Work to complete
Each line below has to be set down again exactly.

Material to process
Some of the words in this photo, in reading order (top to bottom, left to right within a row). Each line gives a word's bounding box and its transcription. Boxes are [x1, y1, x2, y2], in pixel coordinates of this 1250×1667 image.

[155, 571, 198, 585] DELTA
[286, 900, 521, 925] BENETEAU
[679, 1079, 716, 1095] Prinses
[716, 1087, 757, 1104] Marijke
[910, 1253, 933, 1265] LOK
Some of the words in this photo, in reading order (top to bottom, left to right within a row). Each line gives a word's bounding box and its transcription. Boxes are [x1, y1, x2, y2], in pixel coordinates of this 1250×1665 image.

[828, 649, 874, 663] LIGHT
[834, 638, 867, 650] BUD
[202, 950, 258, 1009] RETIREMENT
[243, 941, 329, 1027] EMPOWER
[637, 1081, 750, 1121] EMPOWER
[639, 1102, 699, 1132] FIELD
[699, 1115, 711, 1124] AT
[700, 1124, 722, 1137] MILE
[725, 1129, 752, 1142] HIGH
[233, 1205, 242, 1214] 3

Answer to the exercise
Some of the words in this photo, in reading order (top to bottom, left to right within a row). Each line gives a word's bounding box and its transcription. Boxes are [x1, y1, x2, y2], in pixel coordinates of this 1250×1667 image.

[155, 571, 198, 585] DELTA
[286, 900, 521, 925] BENETEAU
[679, 1079, 716, 1095] Prinses
[716, 1087, 757, 1104] Marijke
[910, 1253, 933, 1265] LOK
Some of the words in this photo, in reading order (top to bottom, left to right within a row). Each line gives a word's bounding box and its transcription. Boxes are [x1, y1, x2, y2], in pixel coordinates of this 1250×1665 image.

[828, 649, 874, 663] LIGHT
[834, 638, 867, 650] BUD
[202, 950, 258, 1009] RETIREMENT
[243, 941, 329, 1027] EMPOWER
[637, 1081, 750, 1121] EMPOWER
[639, 1102, 699, 1132] FIELD
[699, 1115, 711, 1124] AT
[700, 1124, 722, 1137] MILE
[725, 1129, 752, 1142] HIGH
[233, 1205, 242, 1214] 3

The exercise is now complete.